Thomas Savage, 88; Writer Best-Known for Western Novels Set in Montana
Thomas Savage, a former wrangler and ranch hand who turned his Montana upbringing into spare, sensitive Western novels, has died. He was 88.
Savage died of unspecified causes July 25 in his retirement city of Virginia Beach, Va.
Although fewer than half of his 13 novels were set in the West, Savage established his reputation as a Western writer with his first two books, “The Pass” in 1944 and “Lona Hanson” in 1948, and capped his career with the 1988 “The Corner of Rife and Pacific,” all set in Montana.
Agreeing with the author himself that he was more than a Western novelist, Publishers Weekly writer Francesca Coltrera once described him as “an emphatically American writer, a balladeer, almost, of the American scene.”
Born in Salt Lake City, Savage grew up on a Montana ranch after his divorced mother remarried.
As a child he read -- and wrote -- fiction. He studied writing at the University of Montana and then moved east, graduating from Colby College.
He married novelist Elizabeth Fitzgerald and worked to support their growing family as a plumber’s assistant, welder, railroad brakeman and insurance adjuster because his writing was not selling.
Savage was teaching English at Suffolk University in Boston when his second novel, “Lona Hanson,” about a young rancher heroine who falls in love with a hired hand, made headlines.
He had been rejected for a $500 loan to buy furniture -- only to sell the manuscript to Columbia for $50,000 for a motion picture. The movie was never made.
Of the book, a Los Angeles Times reviewer wrote, “Savage writes a terse, warm, moving prose.... The man can write, tell an impelling story, force you to believe in him against your will, and he has written one of the few Western stories of ranching life wherein guns play a small part....”

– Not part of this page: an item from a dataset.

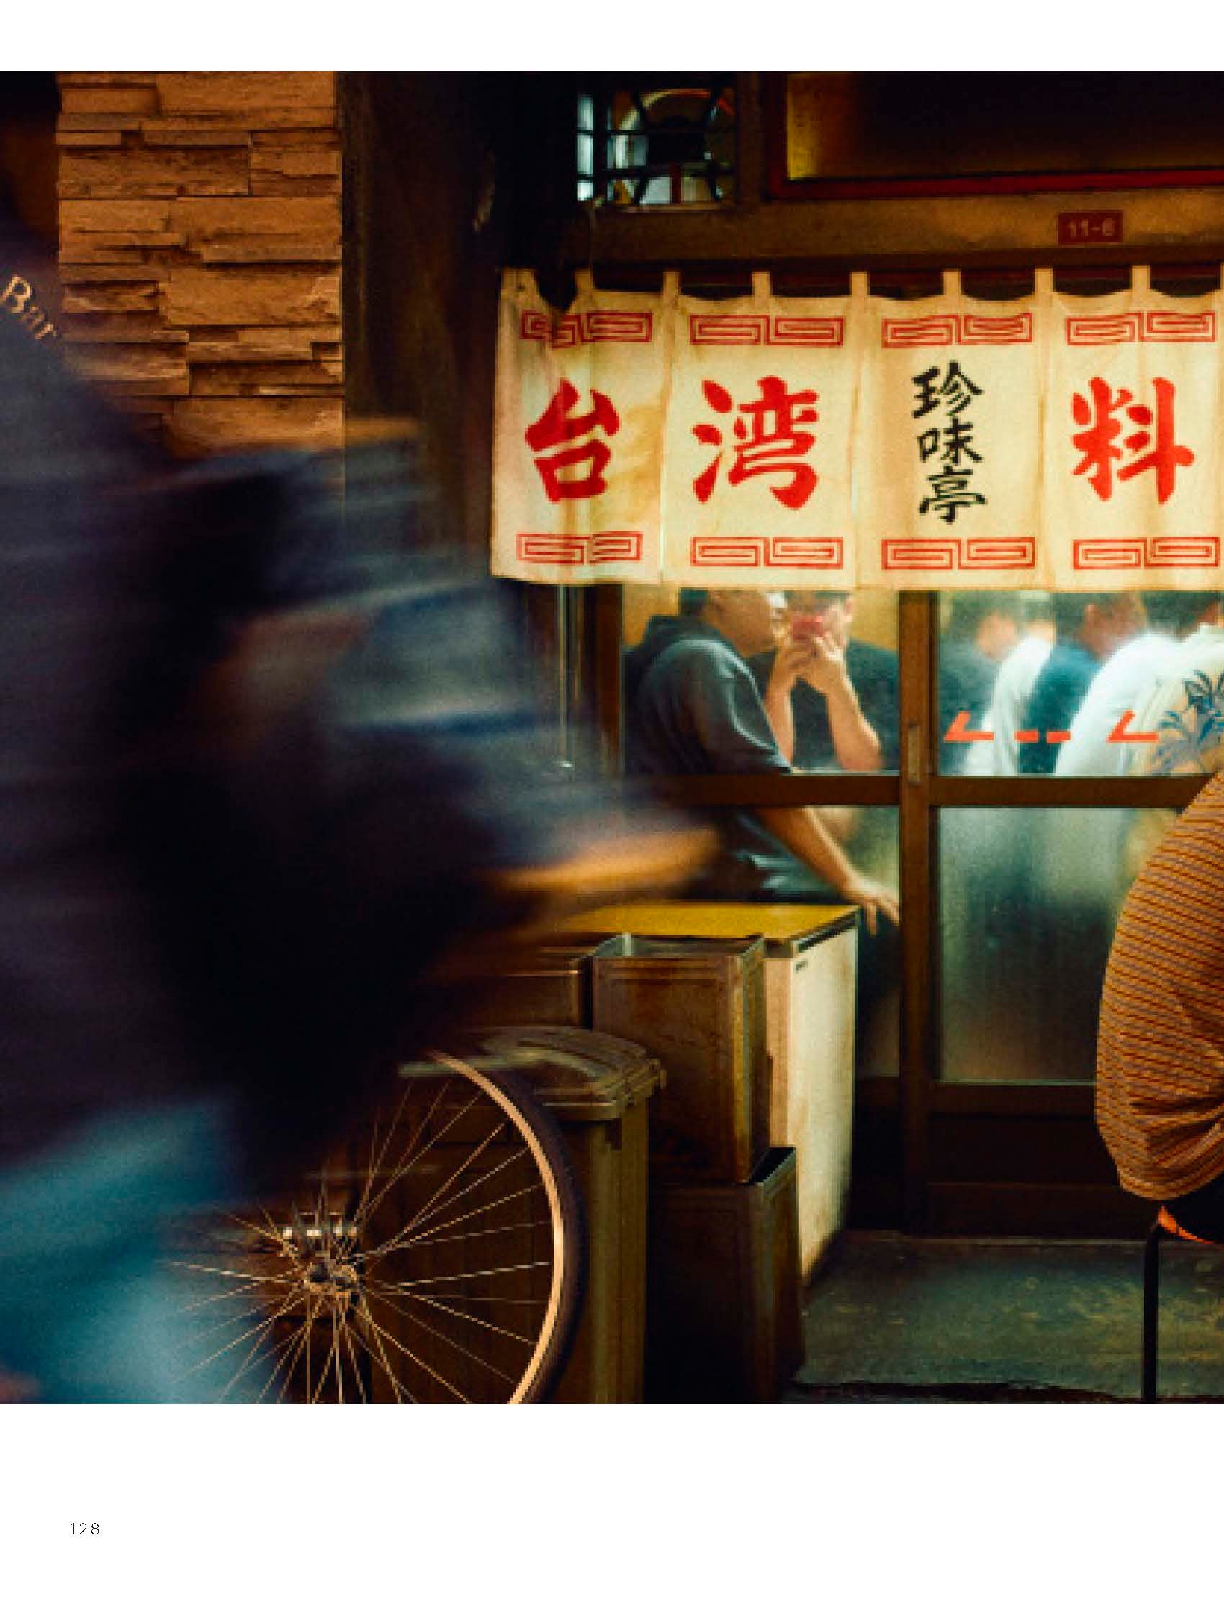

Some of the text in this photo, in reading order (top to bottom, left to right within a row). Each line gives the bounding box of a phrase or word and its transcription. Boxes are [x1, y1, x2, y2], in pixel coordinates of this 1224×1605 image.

[0, 275, 57, 340] Bar
[912, 362, 987, 524] 珍味亭
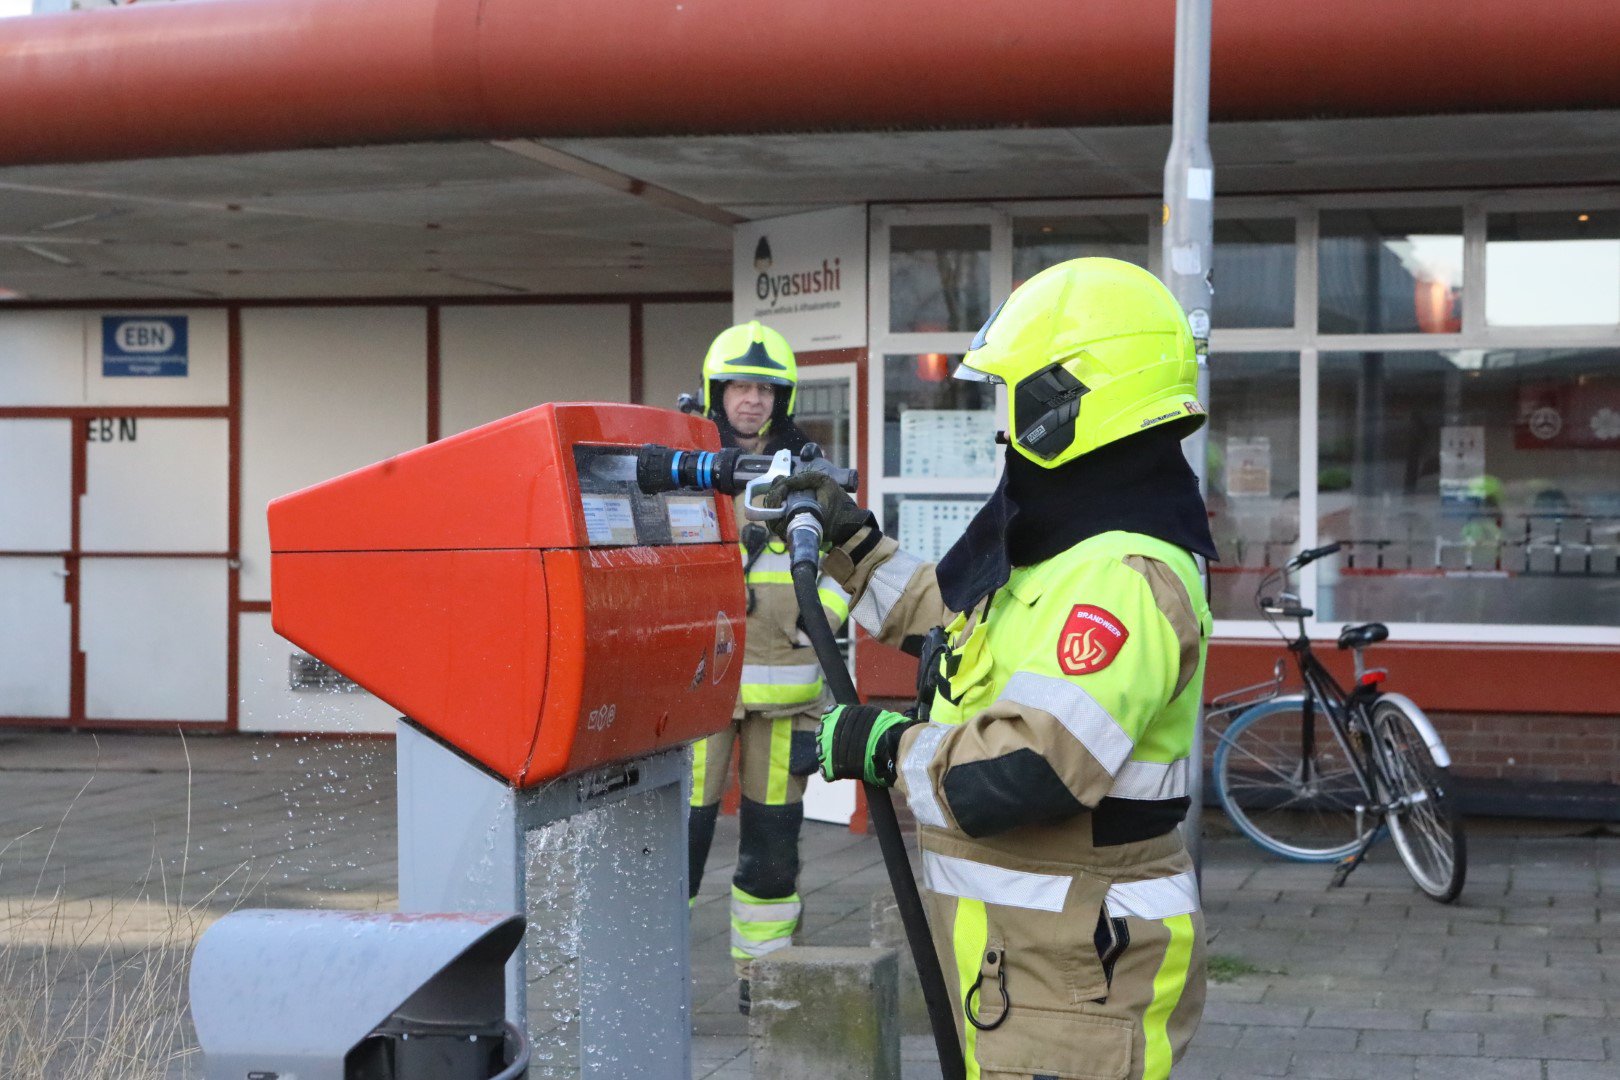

Savage was established as a novelist and never again had to worry about getting loans. He taught at Suffolk and then at Brandeis University until 1955, before devoting himself to writing full time.
Somewhat surprisingly, although Savage enjoyed universal critical acclaim for all of his novels, he never became well known and never had a best-seller. Musing about the reason, Savage once told Publishers Weekly, “I’m writing for rather highly educated people, and I think my writing is only going to appeal to people who have extreme sensitivity.”
The author did enjoy a recent resurgence after an editor at Little, Brown discovered her grandmother’s first-edition volume of Savage’s 1967 Western novel “The Power of the Dog.” Little, Brown, the original publisher, republished the book in 2001, along with Savage’s 1977 “I Heard My Sister Speak My Name” under the new title of “The Sheep Queen.”
In reviewing the reprinted “Power” for The Times two years ago, Susan Salter Reynolds applauded: “Savage writes like thunder and lightning. A flash will illuminate startling detail, a rumble will bring a fierce revelation, a philosophy, a big picture.”
The two republished novels, along with Savage’s final 1988 book, remain in print.
Savage is survived by a son, Russell; a daughter, Elizabeth; nine grandchildren; and 11 great-grandchildren.